ACTIVITY:
Exact copy, no pictures: return all the data below as written.

(Items from a data source)
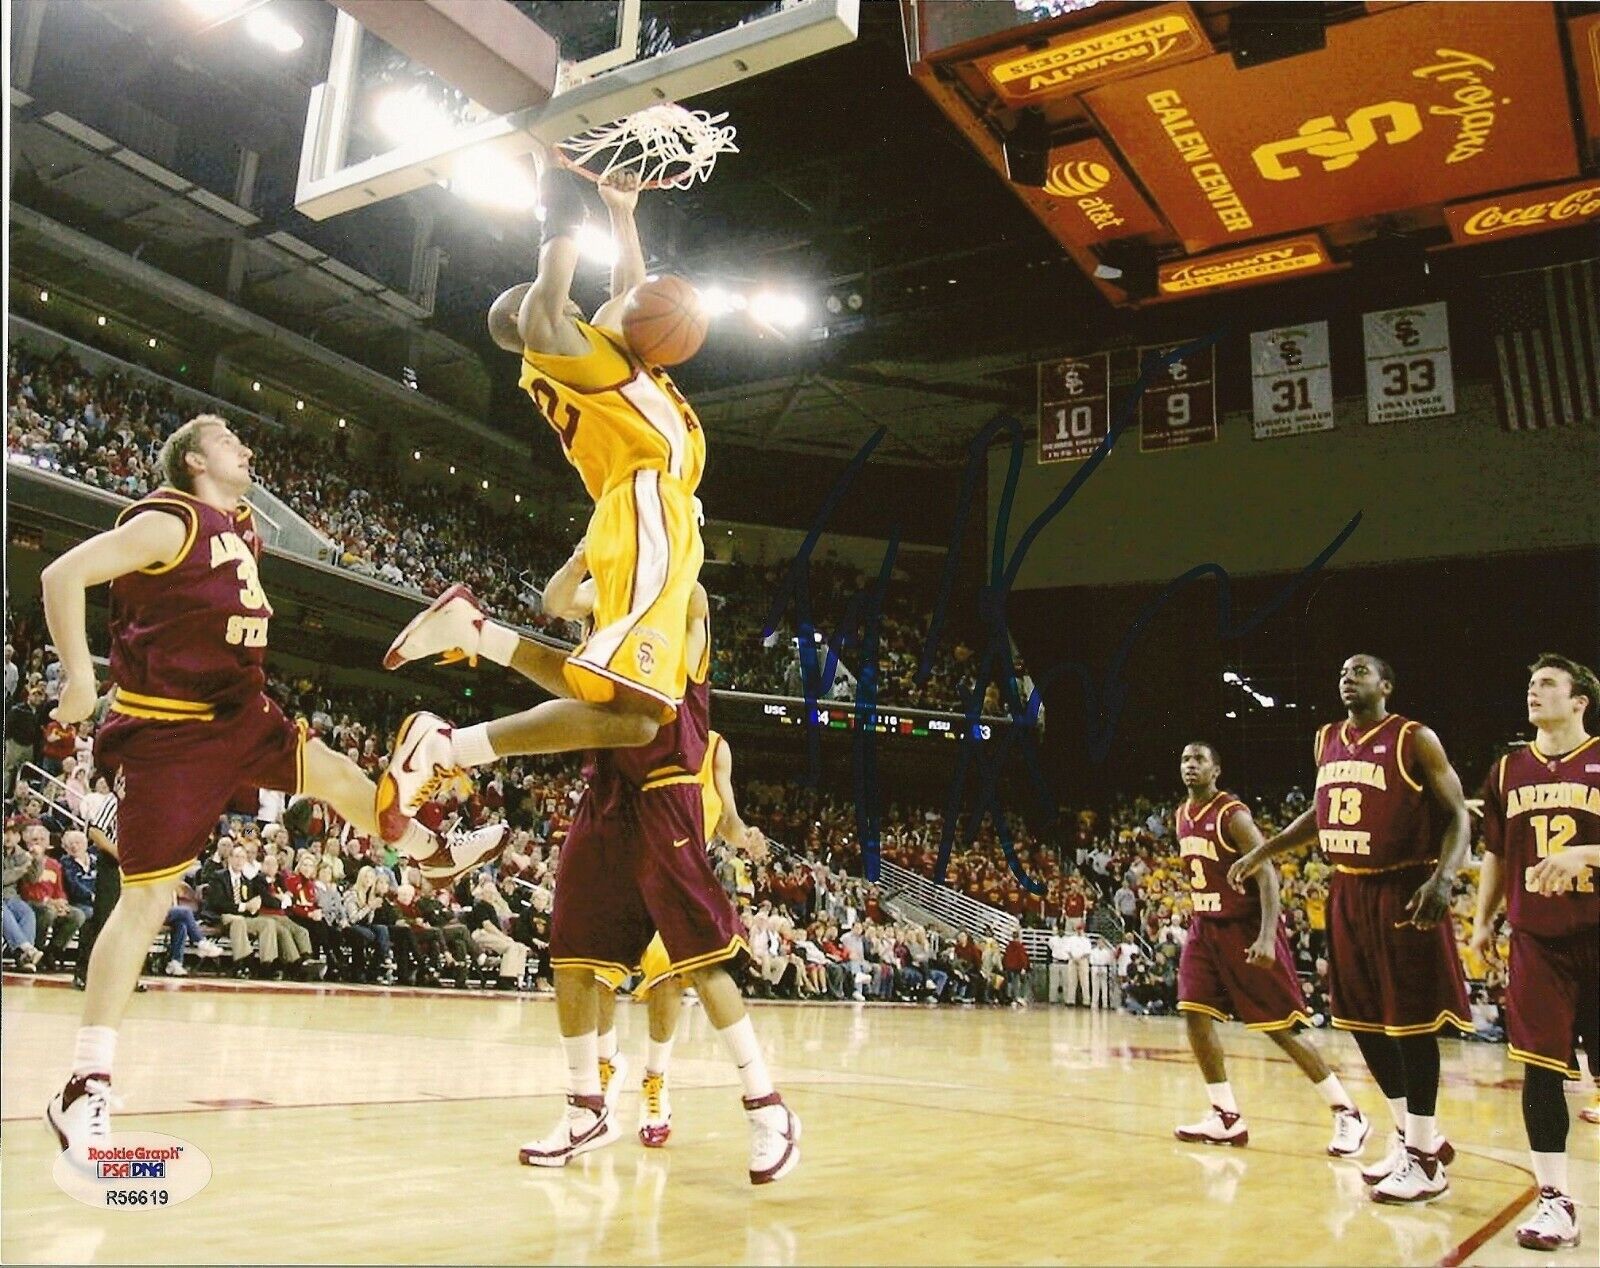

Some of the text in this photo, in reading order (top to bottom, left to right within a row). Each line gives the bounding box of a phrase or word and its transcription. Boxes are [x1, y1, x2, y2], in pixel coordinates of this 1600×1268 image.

[1412, 48, 1511, 164] Trojans
[1146, 89, 1253, 233] GALEN CENTER
[1077, 196, 1125, 231] at&t
[1382, 358, 1436, 396] 33
[1167, 393, 1191, 426] 9
[1271, 377, 1313, 413] 31
[1055, 406, 1092, 440] 10
[764, 704, 787, 716] USC
[1328, 787, 1362, 825] 13
[1530, 814, 1577, 858] 12
[1191, 858, 1207, 889] 3
[102, 1162, 165, 1178] PSA DNA
[106, 1190, 169, 1205] R56619
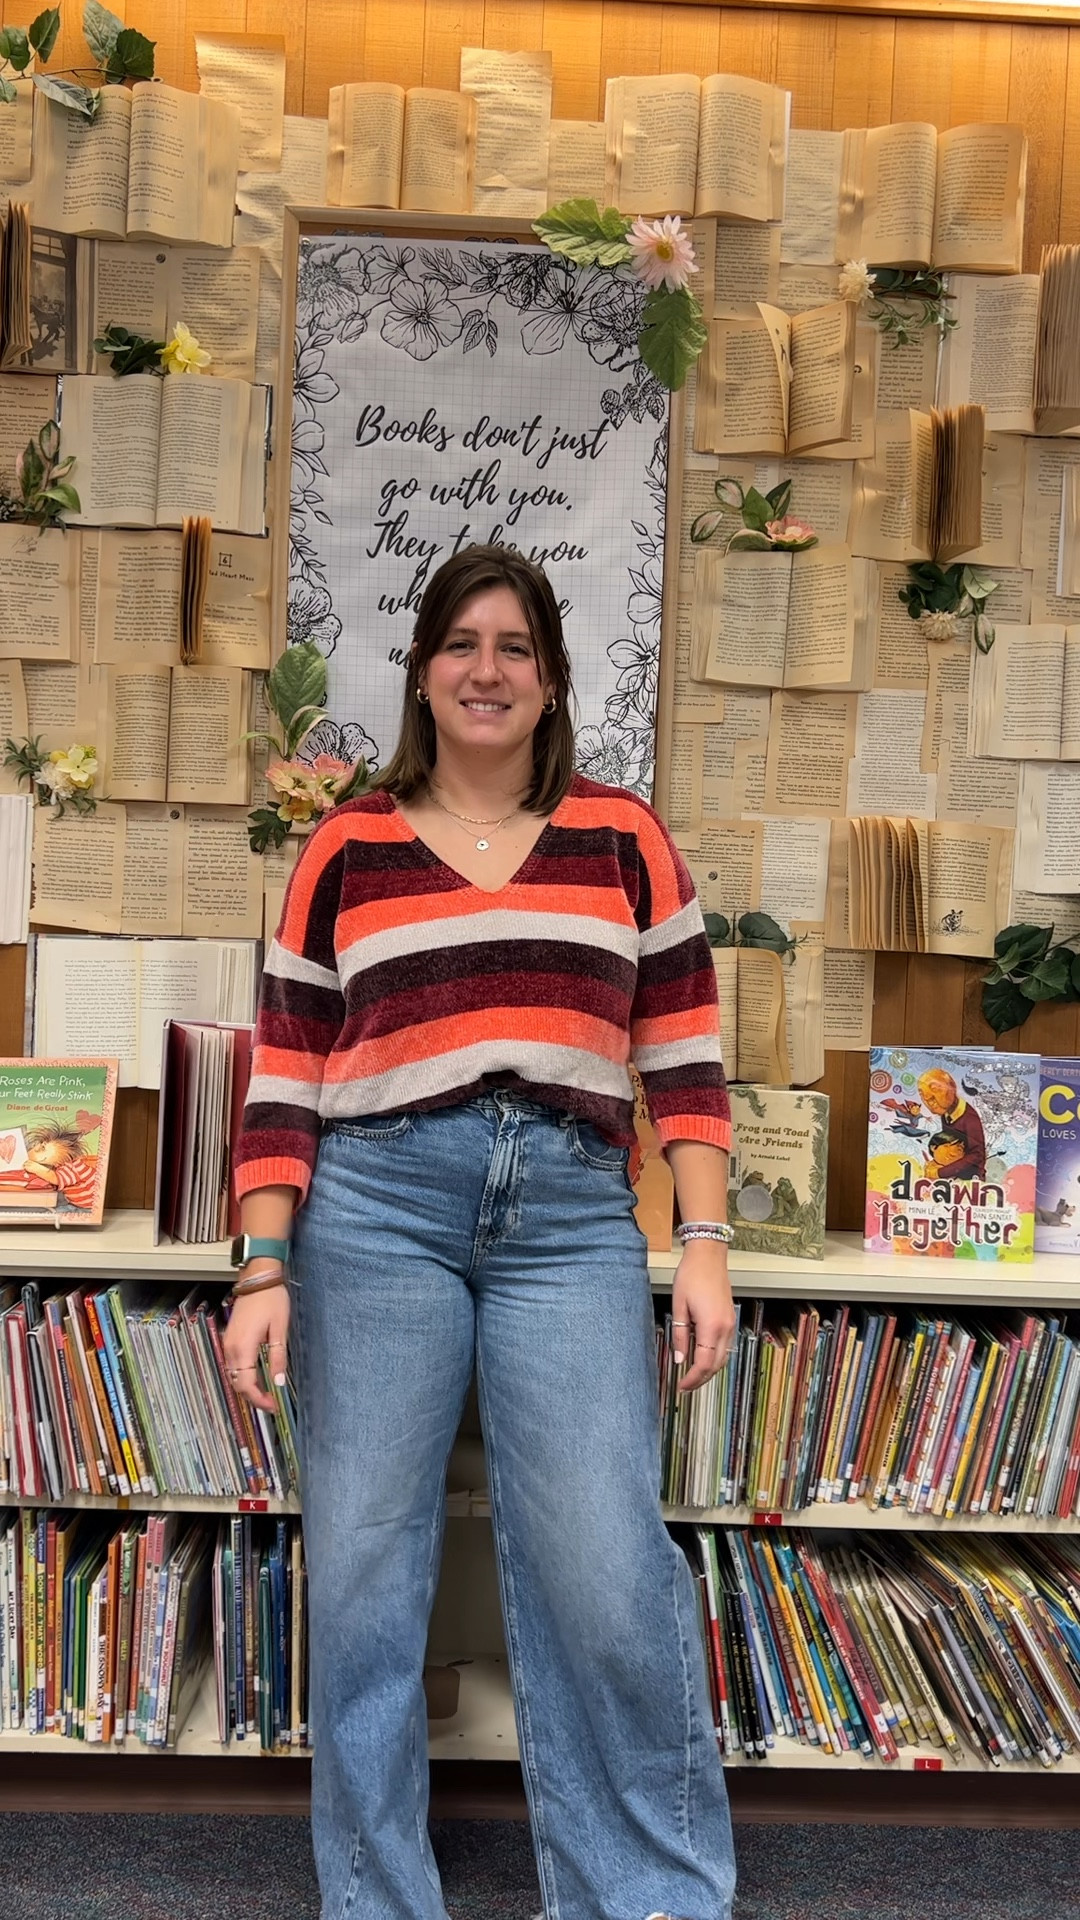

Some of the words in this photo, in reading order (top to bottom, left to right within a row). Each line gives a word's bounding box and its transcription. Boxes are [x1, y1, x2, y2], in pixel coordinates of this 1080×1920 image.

[355, 404, 454, 452] Books
[462, 414, 542, 459] don't
[536, 419, 610, 469] just
[378, 477, 421, 517] go
[430, 459, 501, 510] with
[506, 485, 573, 525] you.
[366, 509, 443, 577] They
[0, 1075, 33, 1086] Roses
[36, 1075, 56, 1086] Are
[58, 1075, 86, 1088] Pink,
[14, 1088, 34, 1098] Feet
[37, 1089, 66, 1102] Really
[67, 1090, 94, 1101] Stink
[1039, 1084, 1080, 1125] C
[6, 1103, 31, 1111] Diane
[733, 1122, 760, 1134] Frog
[762, 1126, 781, 1134] and
[783, 1127, 810, 1137] Toad
[1042, 1129, 1077, 1140] LOVES
[738, 1136, 761, 1145] Are
[762, 1137, 803, 1149] Friends
[891, 1160, 1004, 1208] drawn
[973, 1212, 987, 1220] DAN
[923, 1366, 939, 1403] ROBERTO
[249, 1501, 256, 1510] K
[764, 1515, 771, 1524] K
[8, 1591, 13, 1600] MY
[753, 1606, 761, 1619] I'm
[821, 1631, 829, 1641] WE
[825, 1641, 833, 1651] ARE
[830, 1625, 842, 1646] FRIENDS
[839, 1646, 847, 1656] ARE
[781, 1643, 794, 1665] GIFT
[863, 1632, 874, 1646] Frog
[880, 1668, 895, 1692] Together
[97, 1657, 105, 1689] SNOWY
[160, 1651, 169, 1686] DOUGHNUT
[856, 1643, 870, 1668] MOUSE
[866, 1668, 879, 1690] TALES
[915, 1670, 926, 1685] Frog
[922, 1684, 930, 1695] and
[927, 1695, 937, 1708] Toad
[97, 1693, 105, 1708] DAY

WRITTEN ANSWER:
Some of the text in this photo, in reading order (top to bottom, left to right within a row). Each line gives the bounding box of a phrase or word and its transcription. Boxes are [x1, y1, x2, y2], in pixel coordinates of this 1600×1268 image.

[1412, 48, 1511, 164] Trojans
[1146, 89, 1253, 233] GALEN CENTER
[1077, 196, 1125, 231] at&t
[1382, 358, 1436, 396] 33
[1167, 393, 1191, 426] 9
[1271, 377, 1313, 413] 31
[1055, 406, 1092, 440] 10
[764, 704, 787, 716] USC
[1328, 787, 1362, 825] 13
[1530, 814, 1577, 858] 12
[1191, 858, 1207, 889] 3
[102, 1162, 165, 1178] PSA DNA
[106, 1190, 169, 1205] R56619

Some of the words in this photo, in reading order (top to bottom, left to right within a row). Each line gives a word's bounding box and its transcription. Boxes are [x1, y1, x2, y2], in pixel coordinates of this 1080×1920 image.

[355, 404, 454, 452] Books
[462, 414, 542, 459] don't
[536, 419, 610, 469] just
[378, 477, 421, 517] go
[430, 459, 501, 510] with
[506, 485, 573, 525] you.
[366, 509, 443, 577] They
[0, 1075, 33, 1086] Roses
[36, 1075, 56, 1086] Are
[58, 1075, 86, 1088] Pink,
[14, 1088, 34, 1098] Feet
[37, 1089, 66, 1102] Really
[67, 1090, 94, 1101] Stink
[1039, 1084, 1080, 1125] C
[6, 1103, 31, 1111] Diane
[733, 1122, 760, 1134] Frog
[762, 1126, 781, 1134] and
[783, 1127, 810, 1137] Toad
[1042, 1129, 1077, 1140] LOVES
[738, 1136, 761, 1145] Are
[762, 1137, 803, 1149] Friends
[891, 1160, 1004, 1208] drawn
[973, 1212, 987, 1220] DAN
[923, 1366, 939, 1403] ROBERTO
[249, 1501, 256, 1510] K
[764, 1515, 771, 1524] K
[8, 1591, 13, 1600] MY
[753, 1606, 761, 1619] I'm
[821, 1631, 829, 1641] WE
[825, 1641, 833, 1651] ARE
[830, 1625, 842, 1646] FRIENDS
[839, 1646, 847, 1656] ARE
[781, 1643, 794, 1665] GIFT
[863, 1632, 874, 1646] Frog
[880, 1668, 895, 1692] Together
[97, 1657, 105, 1689] SNOWY
[160, 1651, 169, 1686] DOUGHNUT
[856, 1643, 870, 1668] MOUSE
[866, 1668, 879, 1690] TALES
[915, 1670, 926, 1685] Frog
[922, 1684, 930, 1695] and
[927, 1695, 937, 1708] Toad
[97, 1693, 105, 1708] DAY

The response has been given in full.